For the past few years, many IT managers trying to satisfy insatiable demand for data storage have been investigating the concept information lifecycle management (ILM) – the proposed mechanism by which data is migrated to lower-cost storage media as its value to the organisation decreases. It is an approach that has won plaudits from analysts, although, as many observers have pointed out, the adoption of ILM is an enterprise-wide, multi-year undertaking.
Now a relative minnow of the sector hopes to apply that kind of data prioritisation to a single but vital strand of storage – back-up and recovery.

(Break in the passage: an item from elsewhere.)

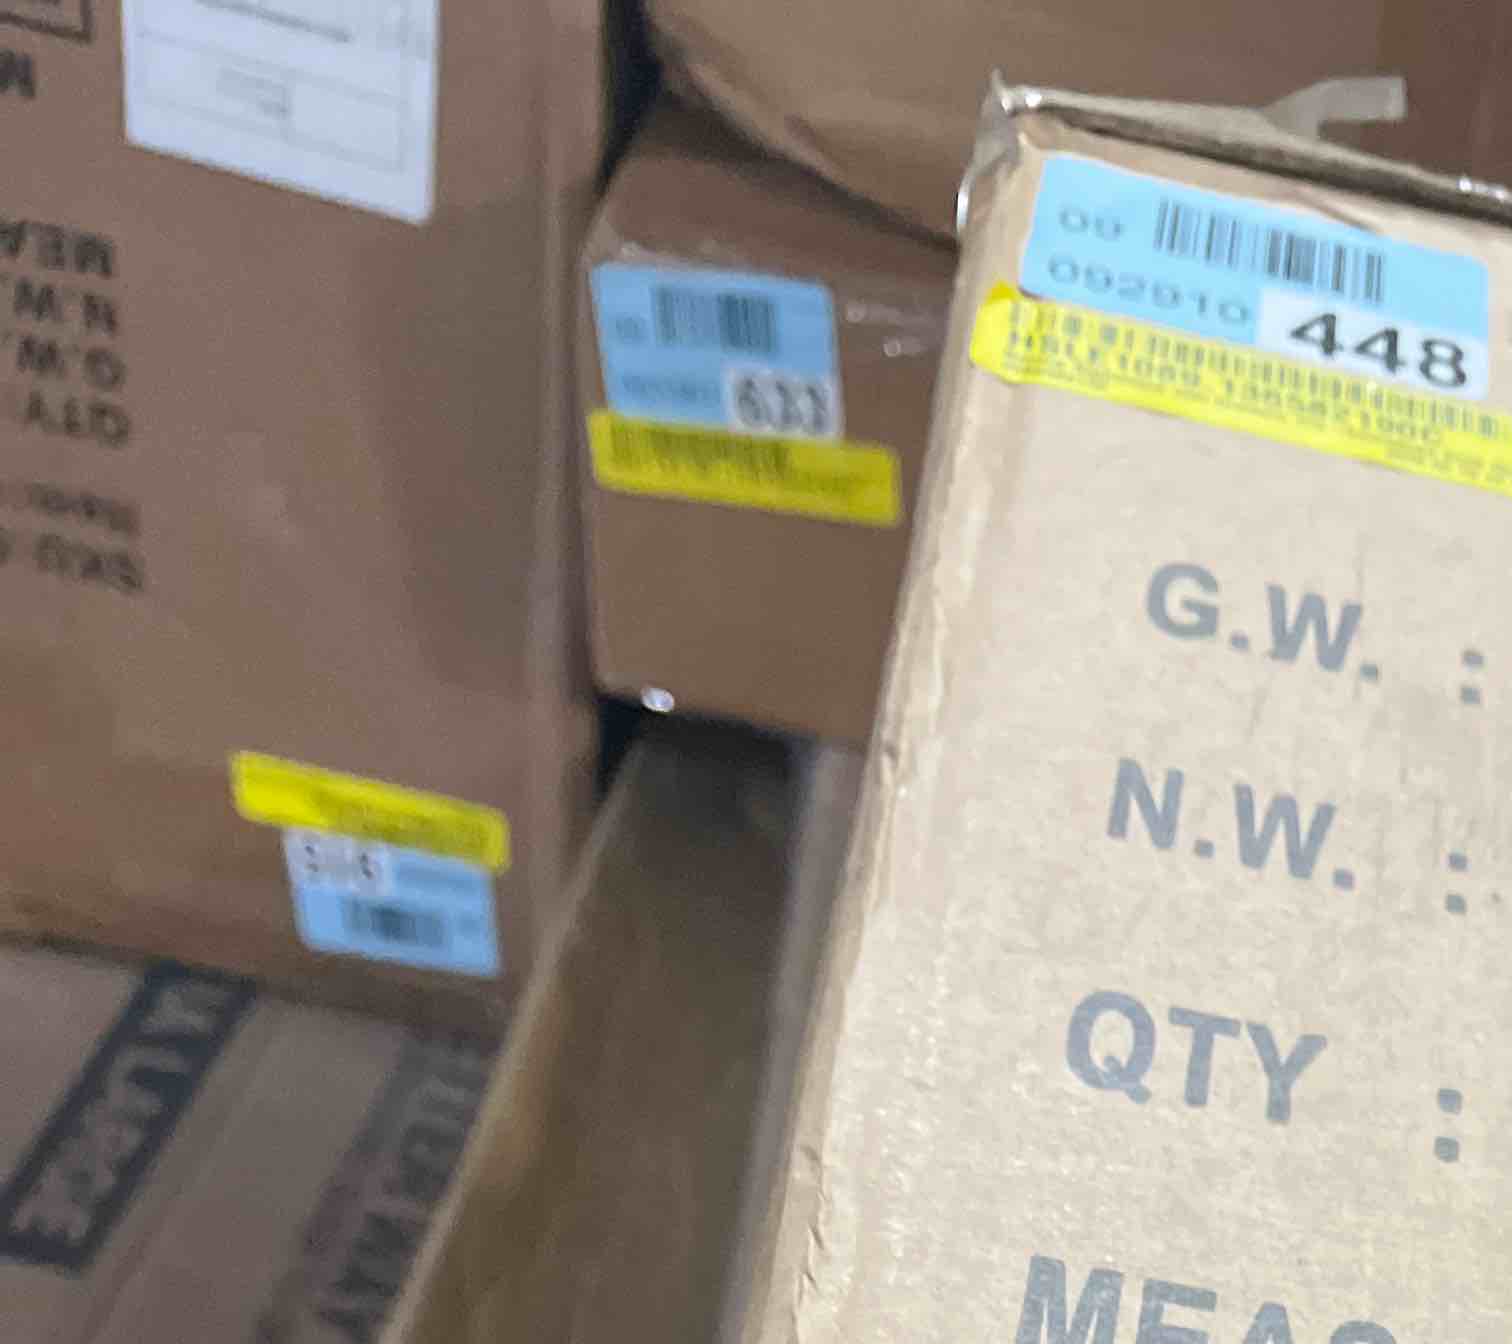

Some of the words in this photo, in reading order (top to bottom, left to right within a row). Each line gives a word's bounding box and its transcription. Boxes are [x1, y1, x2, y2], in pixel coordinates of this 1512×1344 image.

FalconStor Software, a six-year old storage specialist that has had considerable success selling virtual tape libraries (VTL), is proposing a radical overhaul of traditional back-up thinking through the application of ‘recovery lifecycle management’ (RLM).
ReiJane Huai, FalconStor
Traditionally, businesses back up the vast majority of their data in a single – if prolonged – batch, usually over night. However, ReiJane Huai, FalconStor’s CEO, argues that there is a pressing need for much more granularity in that approach: mission-critical data should be backed up almost continuously while the least important data can be left for, say, a week.

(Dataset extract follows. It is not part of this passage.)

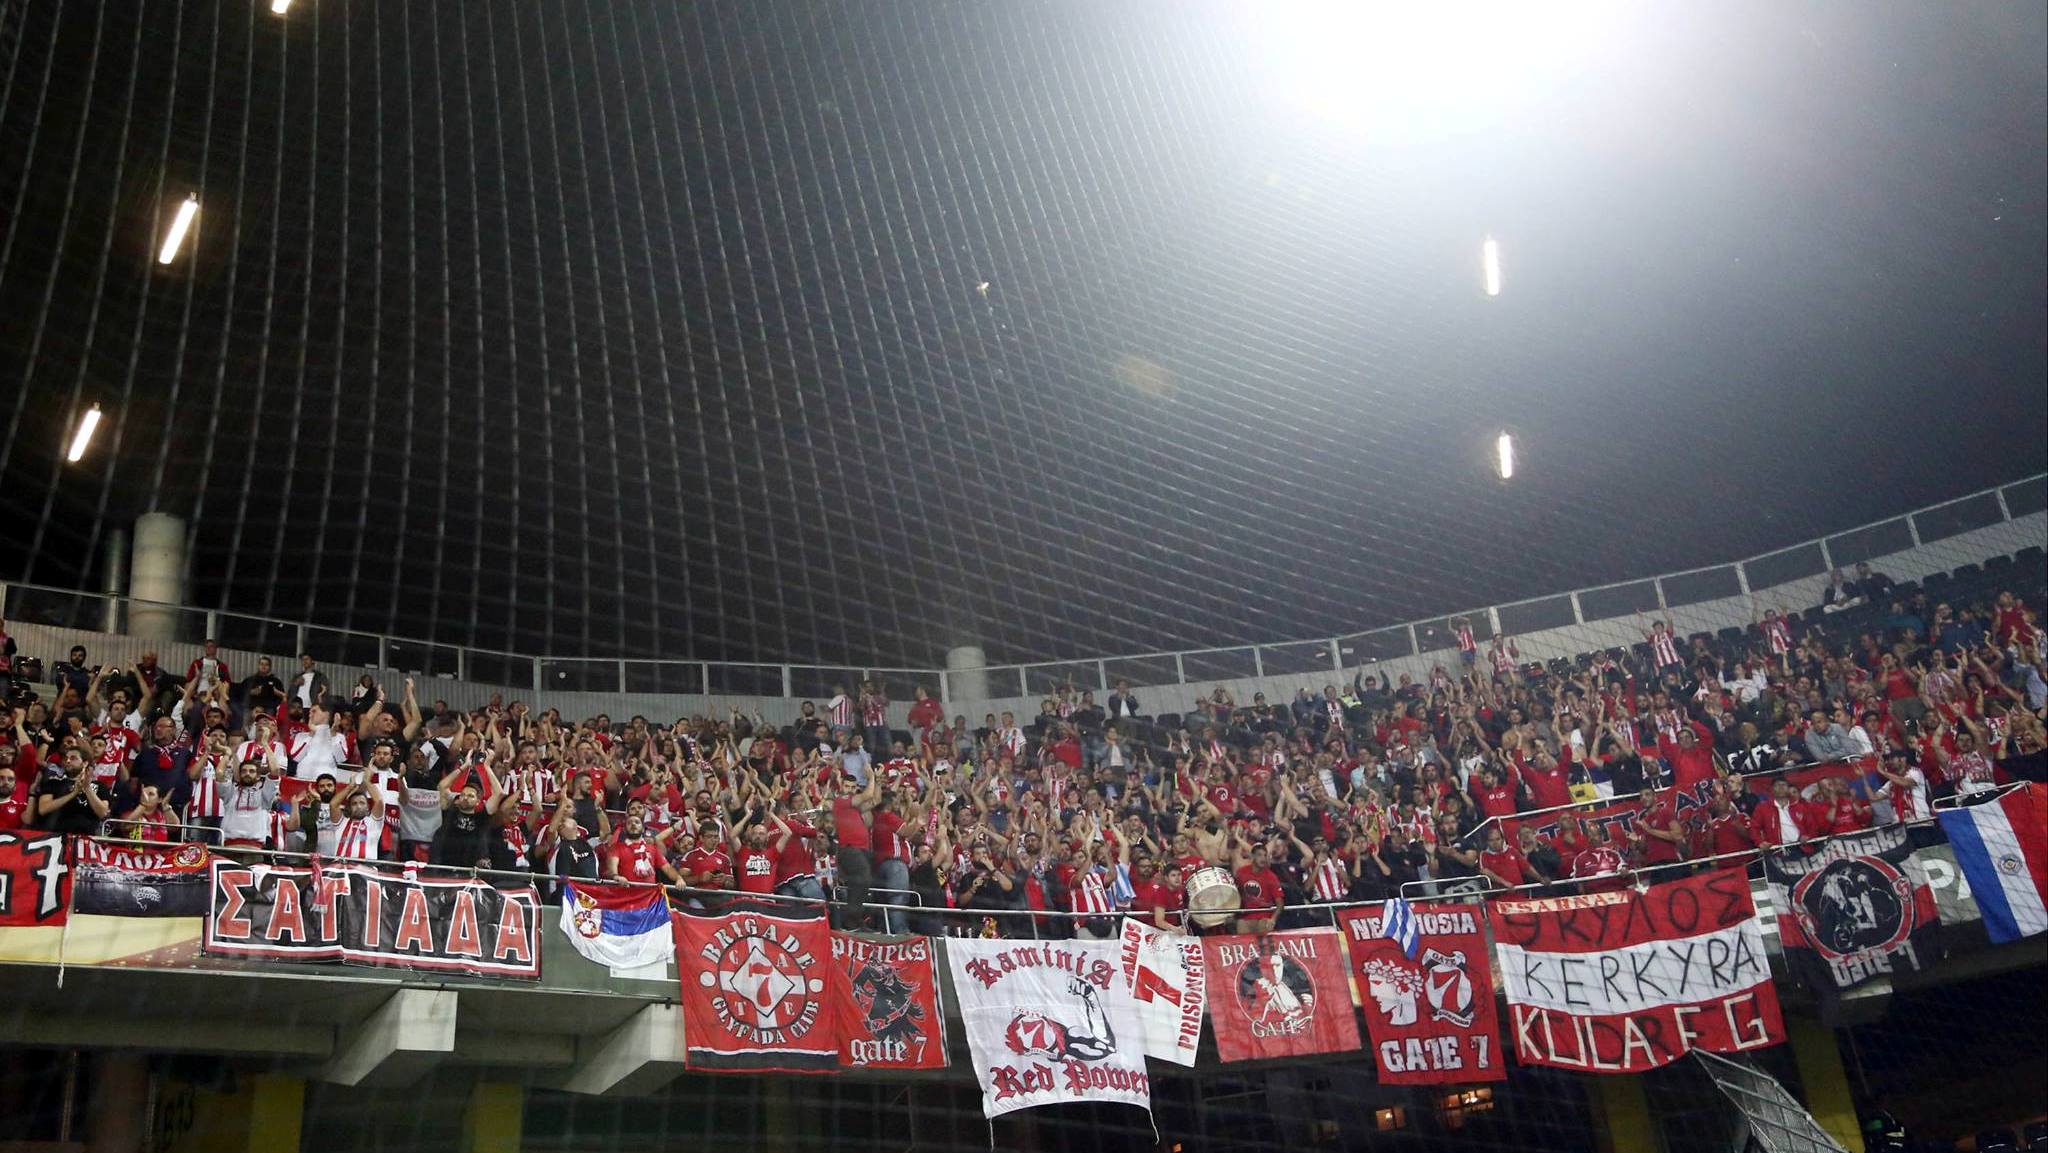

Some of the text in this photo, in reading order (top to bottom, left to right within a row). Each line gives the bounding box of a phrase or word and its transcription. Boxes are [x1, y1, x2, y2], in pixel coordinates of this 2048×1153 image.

“With RLM you can tailor the granularity based on the importance of the application: email might be backed up every three hours, but mission critical data backed up every couple of minutes,” he says. By streaming different types of data at different times, he says, any necessary recovery process will be simpler, smoother and more rapid.
The RLM methodology, he argues, is a natural extension of FalconStor’s VTL pedigree. The company – founded by veterans from back-up software success story Cheyenne Software and its acquirer CA, has set “the market on fire in the past year with its VTL offering,” according to Arun Taneja, founder of storage market watcher the Taneja Group. The product, which is resold by several storage systems vendors, provides faster back-up and recovery by streaming data to disk in tape format.
That helped fuel revenue growth of 43% in 2005. And although business has cooled since, Huai is confident that FalconStor is “ready to change the way companies think about back-up.”